** Opening Records block **

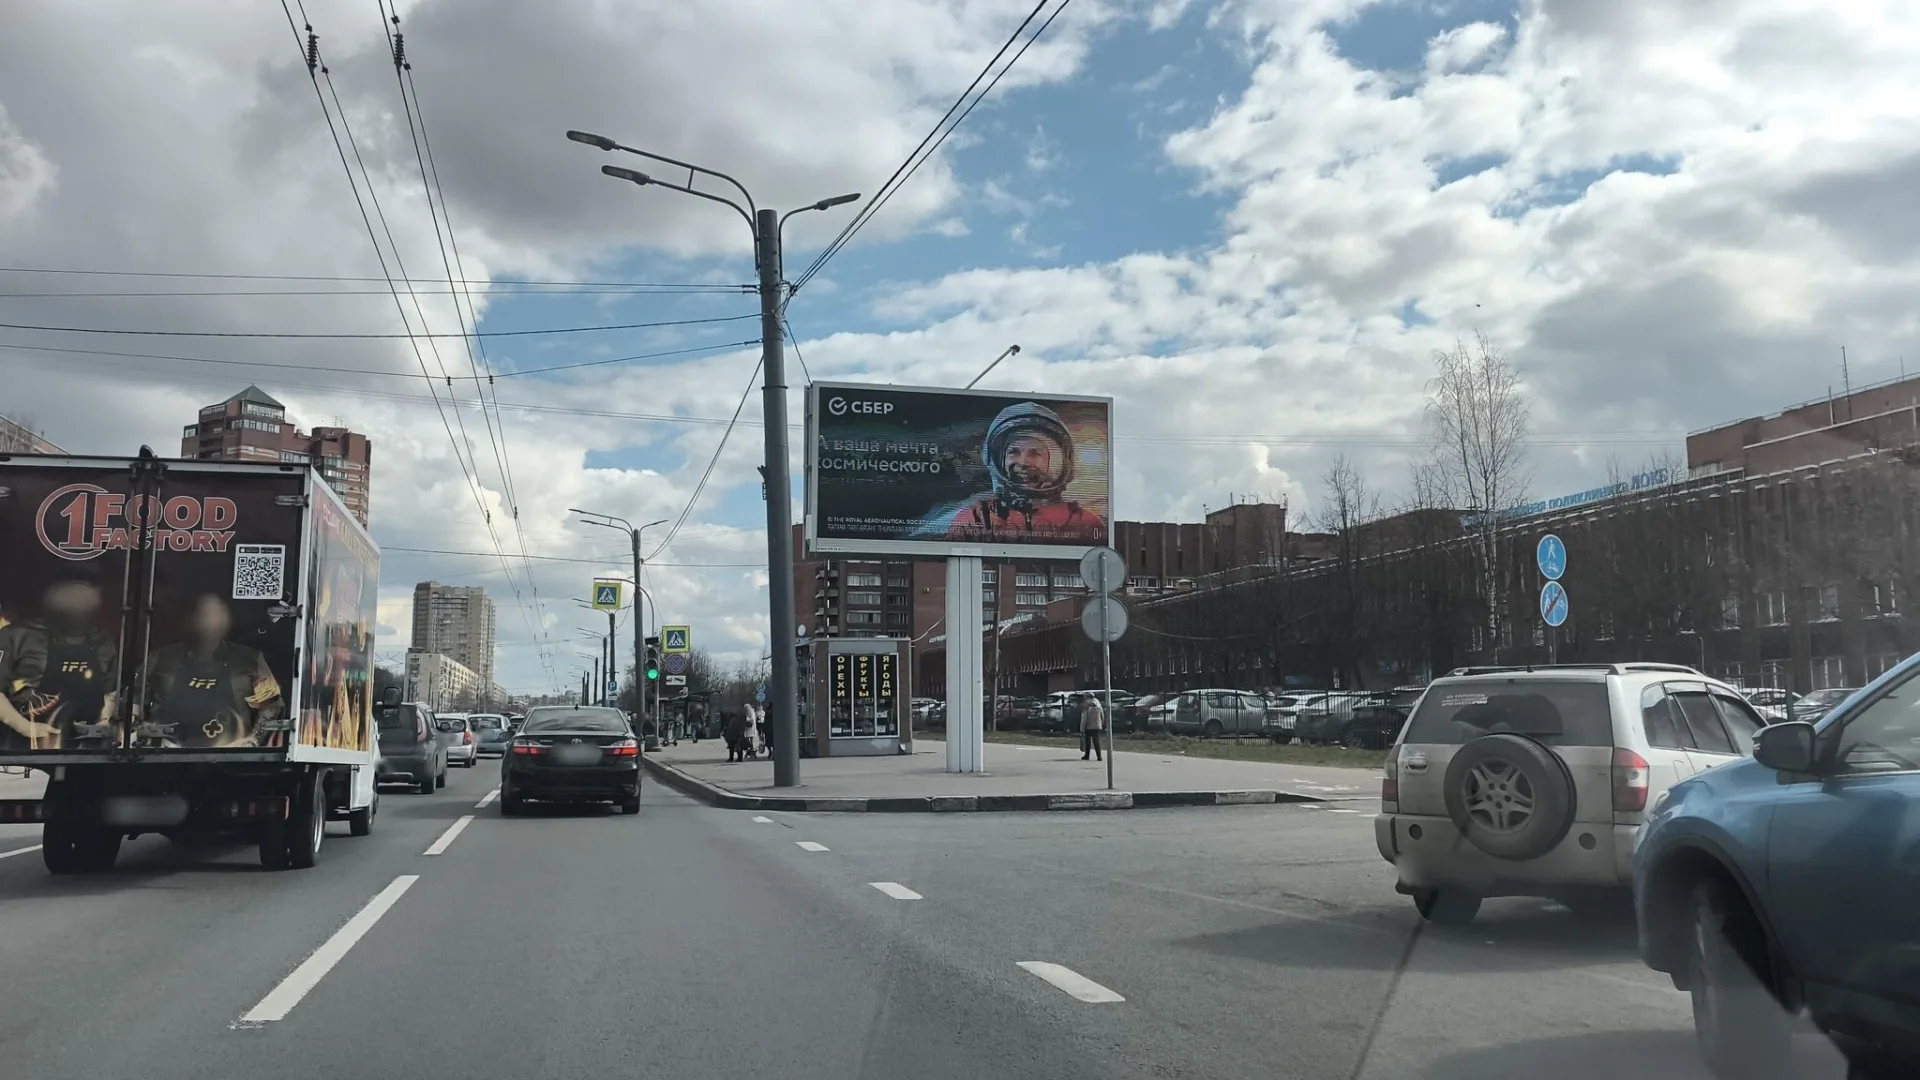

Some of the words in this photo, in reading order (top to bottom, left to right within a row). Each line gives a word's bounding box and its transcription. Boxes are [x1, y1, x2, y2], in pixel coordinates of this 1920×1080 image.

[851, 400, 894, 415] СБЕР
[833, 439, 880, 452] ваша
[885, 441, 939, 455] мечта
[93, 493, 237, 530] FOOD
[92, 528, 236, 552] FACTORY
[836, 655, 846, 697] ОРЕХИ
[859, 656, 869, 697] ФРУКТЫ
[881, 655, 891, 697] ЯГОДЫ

** Closing Records block **

== What the task asks ==
From the first line to the last, restate the entries exactly, without pictures.

== Reply ==
Some of the words in this photo, in reading order (top to bottom, left to right within a row). Each line gives a word's bounding box and its transcription. Boxes are [x1, y1, x2, y2], in pixel coordinates of this 1920×1080 image.

[851, 400, 894, 415] СБЕР
[833, 439, 880, 452] ваша
[885, 441, 939, 455] мечта
[93, 493, 237, 530] FOOD
[92, 528, 236, 552] FACTORY
[836, 655, 846, 697] ОРЕХИ
[859, 656, 869, 697] ФРУКТЫ
[881, 655, 891, 697] ЯГОДЫ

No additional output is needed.